> [What needs to be done] Without any pictures, copy the records below once more, exactly as they are.

> [Data]
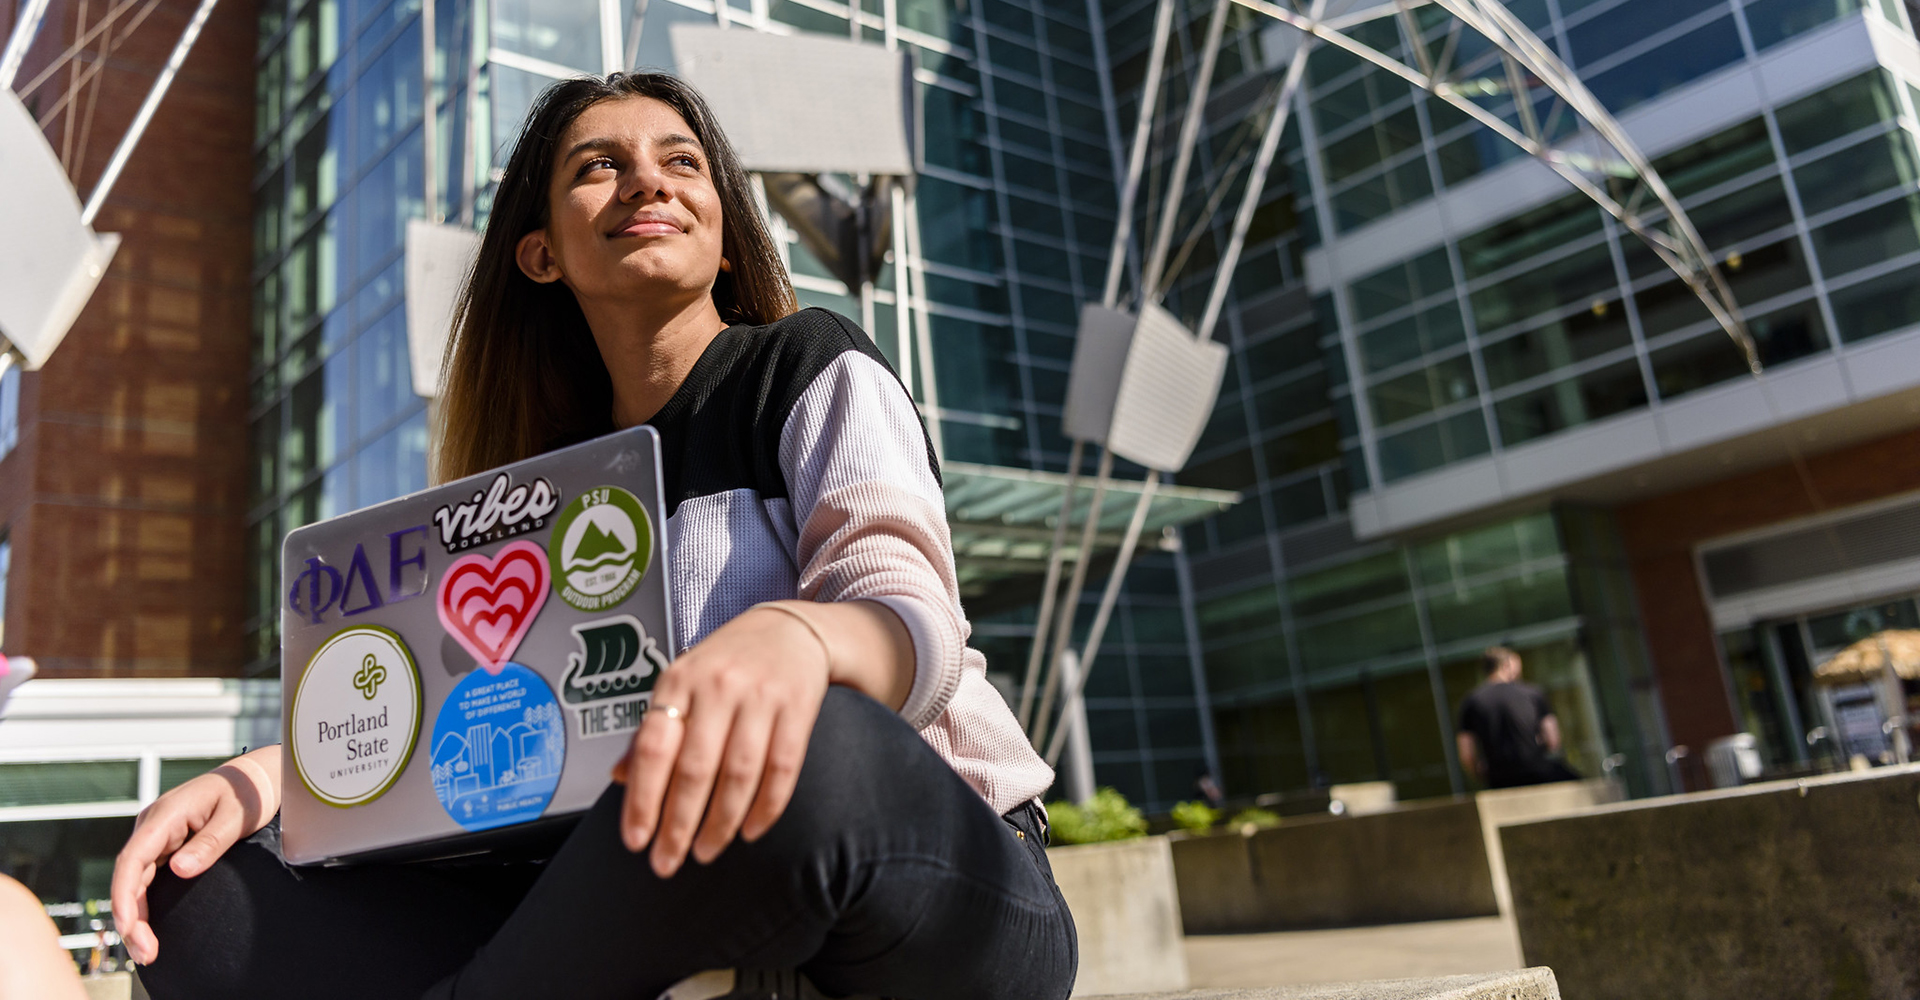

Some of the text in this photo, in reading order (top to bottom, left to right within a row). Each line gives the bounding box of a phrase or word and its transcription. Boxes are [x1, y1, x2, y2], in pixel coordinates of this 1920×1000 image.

[435, 474, 558, 544] vibes
[582, 489, 610, 509] PSU
[449, 519, 544, 551] PORTLAND
[561, 568, 642, 609] OUTDOOR PROGRAM
[459, 687, 527, 711] TO MAKE A WORLD
[465, 678, 519, 699] A GREAT PLACE
[465, 700, 521, 720] OF DIFFERENCE
[580, 705, 609, 735] THE
[318, 705, 388, 743] Portland
[347, 737, 389, 761] State
[330, 759, 389, 779] UNIVERSITY
[497, 802, 518, 812] PUBLIC
[519, 796, 542, 807] HEALTH
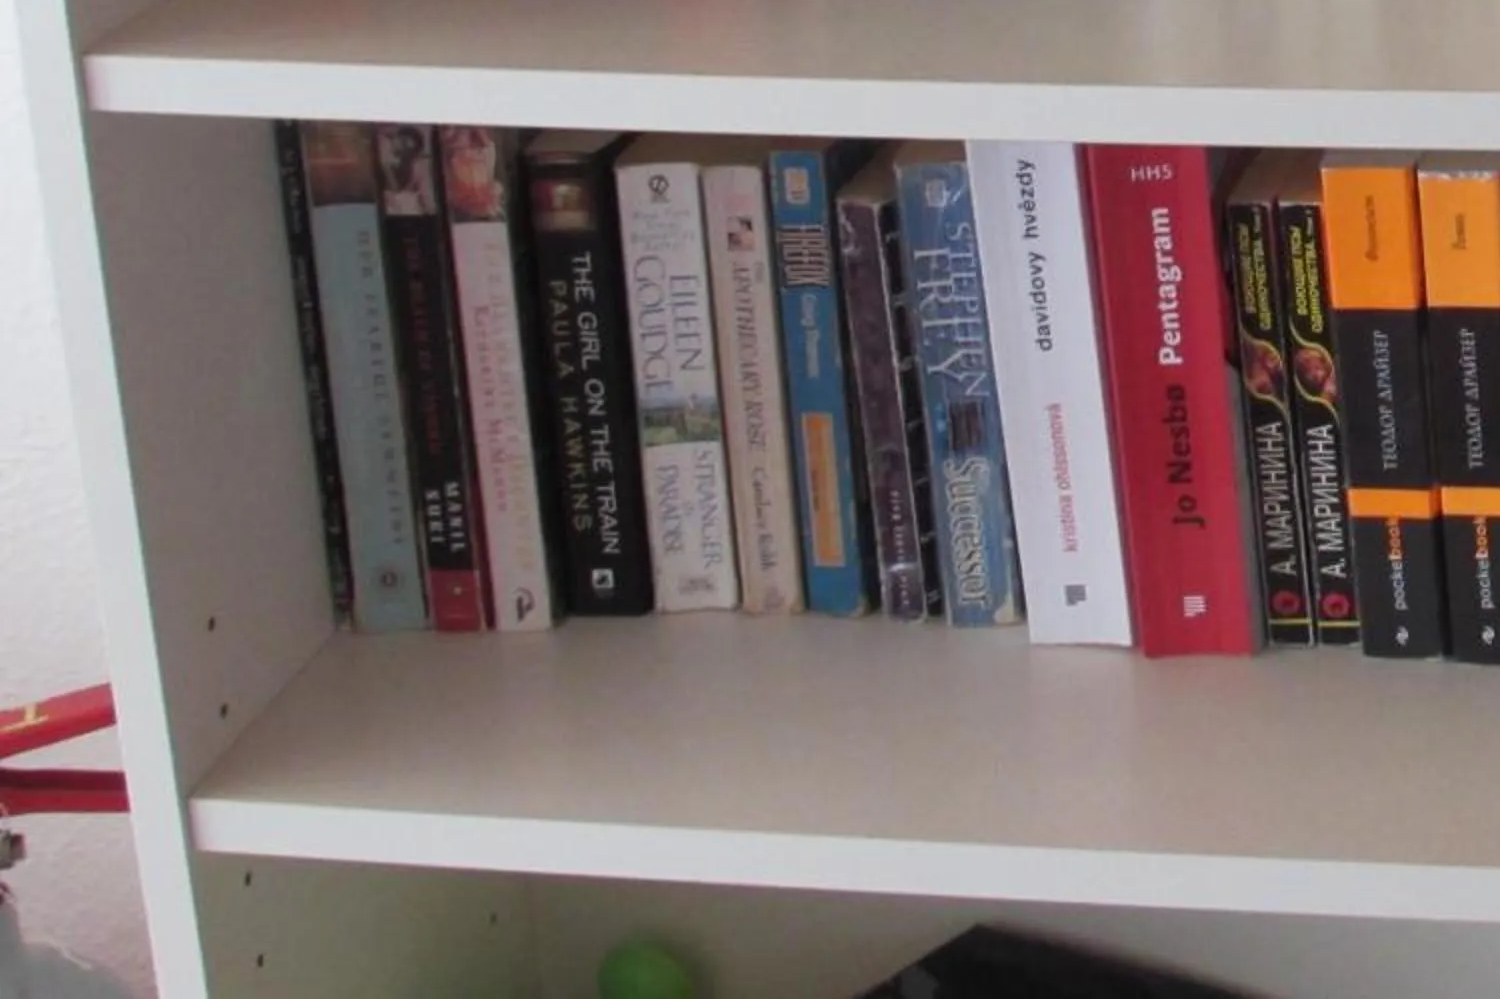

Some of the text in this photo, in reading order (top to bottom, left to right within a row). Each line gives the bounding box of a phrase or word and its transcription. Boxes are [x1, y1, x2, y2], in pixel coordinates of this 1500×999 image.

> [Result of the exercise]
Some of the text in this photo, in reading order (top to bottom, left to right within a row). Each line gives the bounding box of a phrase or word and its transcription. Boxes are [x1, y1, x2, y2], in pixel coordinates of this 1920×1000 image.

[435, 474, 558, 544] vibes
[582, 489, 610, 509] PSU
[449, 519, 544, 551] PORTLAND
[561, 568, 642, 609] OUTDOOR PROGRAM
[459, 687, 527, 711] TO MAKE A WORLD
[465, 678, 519, 699] A GREAT PLACE
[465, 700, 521, 720] OF DIFFERENCE
[580, 705, 609, 735] THE
[318, 705, 388, 743] Portland
[347, 737, 389, 761] State
[330, 759, 389, 779] UNIVERSITY
[497, 802, 518, 812] PUBLIC
[519, 796, 542, 807] HEALTH

Some of the text in this photo, in reading order (top to bottom, left to right within a row). Each line gives the bounding box of a phrase or word and its transcription. Boxes are [x1, y1, x2, y2], in pixel coordinates of this 1500×999 image.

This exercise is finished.